In this report we present an extension of the pooled analysis of the prognostic impact of urokinase-type plasminogen activator (uPA) and its inhibitor PAI-1 in breast cancer patients. We analyzed a different endpoint, metastasis-free survival (MFS). We checked the consistency of the estimates for uPA and PAI-1 for relapse-free survival (RFS) and MFS exploring possible sources of heterogeneity. Nodal status, the most important prognostic factor for breast cancer, introduced heterogeneity in the uPA/PAI-1 survival analyses, reflecting the interaction between nodal status and uPA/PAI-1. The estimates for uPA and PAI-1 were found to be consistent, even when a different transformation of their values was used. The heterogeneity of the separate data sets decreased if the levels of uPA and PAI-1 were ranked, data sets were pooled, and the analyses corrected for the base model that included all traditional prognostic factors, and stratified by data set.

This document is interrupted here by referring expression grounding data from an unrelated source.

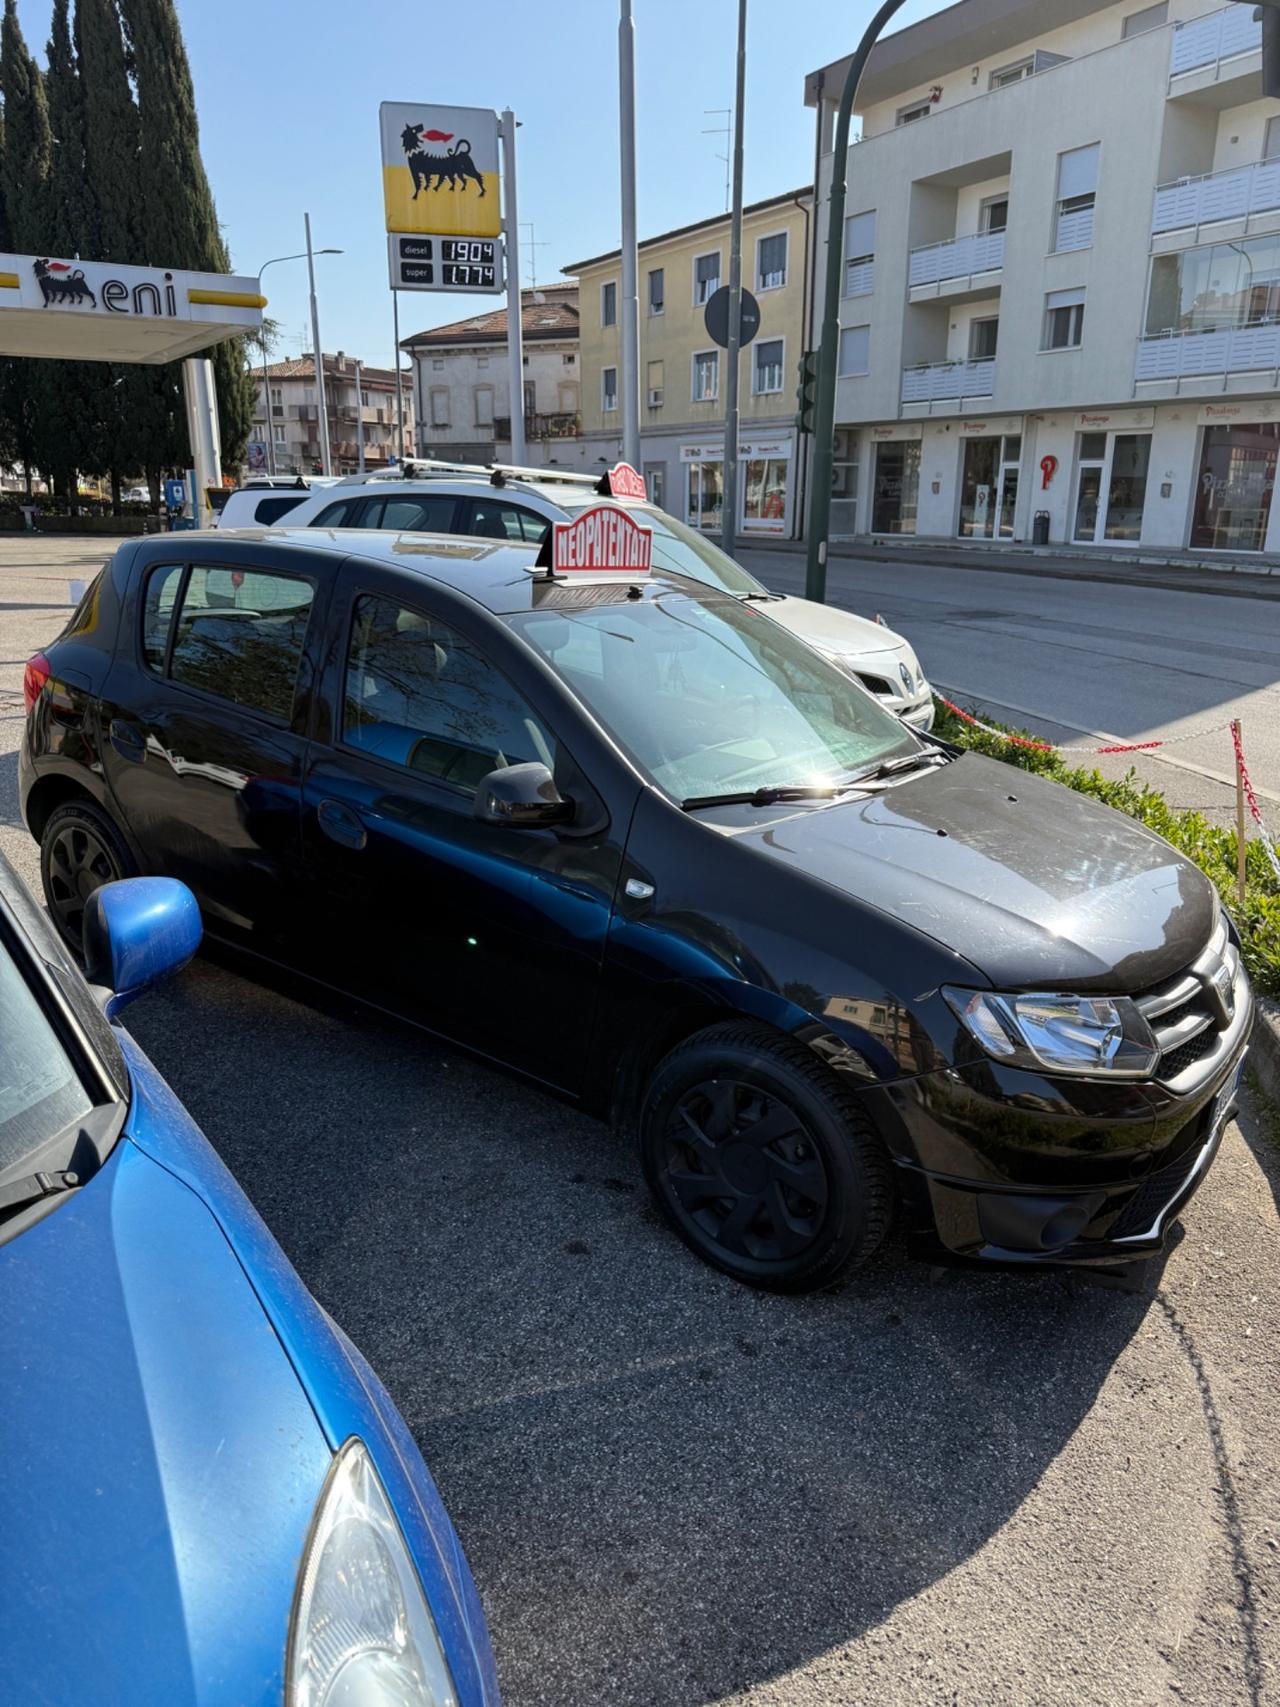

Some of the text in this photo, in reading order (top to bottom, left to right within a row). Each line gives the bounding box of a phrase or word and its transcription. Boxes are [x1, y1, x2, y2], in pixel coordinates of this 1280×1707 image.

[405, 245, 428, 255] diesel
[406, 268, 428, 278] super
[102, 272, 177, 317] eni
[557, 510, 650, 568] NEOPATENTATI
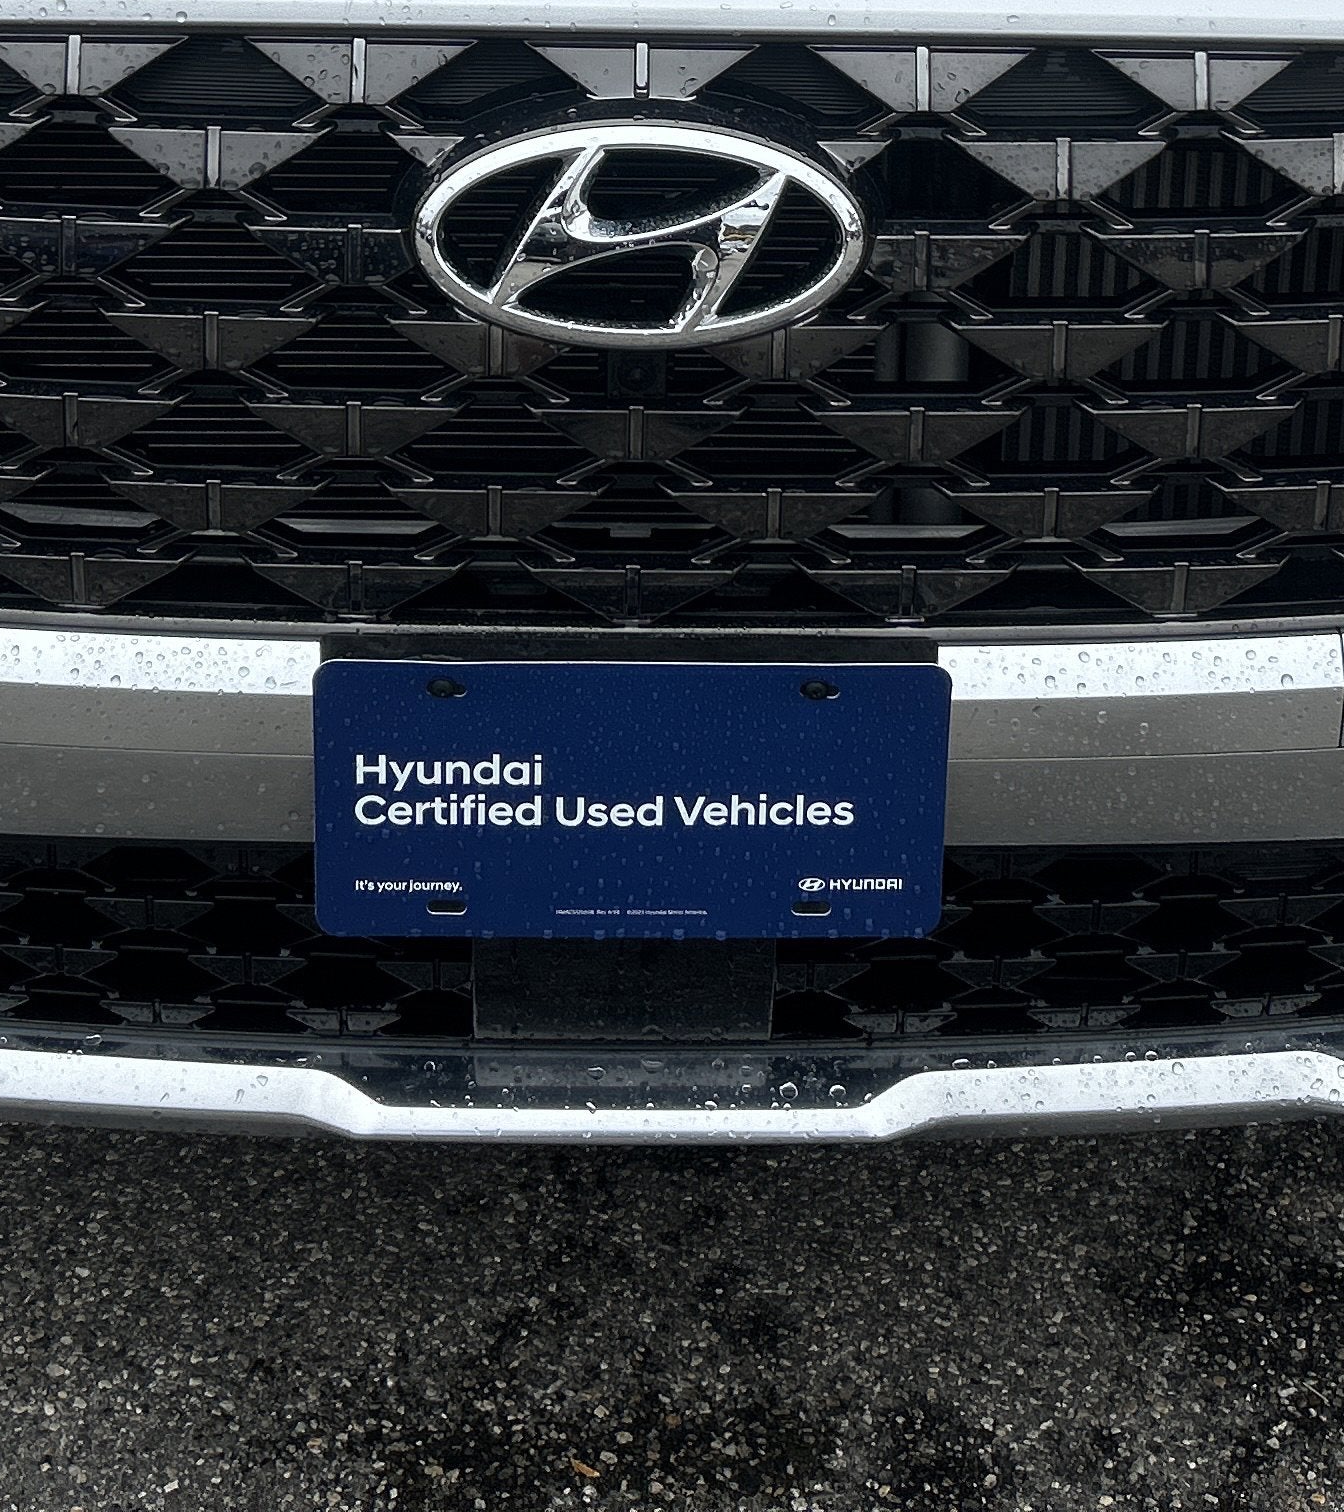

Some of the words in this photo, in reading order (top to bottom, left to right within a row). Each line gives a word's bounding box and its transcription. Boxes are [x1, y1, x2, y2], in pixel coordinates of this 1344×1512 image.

[355, 753, 543, 792] Hyundai
[354, 793, 542, 827] Certified
[555, 794, 664, 827] Used
[673, 793, 856, 827] Vehicles
[355, 879, 375, 891] It's
[376, 881, 408, 893] your
[408, 879, 463, 893] journey.
[829, 878, 903, 891] HYUNDAI

We conclude that uPA and PAI-1 are ready to be used in the clinic to help classify breast cancer patients into high and low risk groups.

Part of this paper was originally presented at the joint meetings of the 16th International Congress of the International Society of Fibrinolysis and Proteolysis (ISFP) and the 17th International Fibrinogen Workshop of the International Fibrinogen Research Society (IFRS) held in Munich, Germany, September, 2002.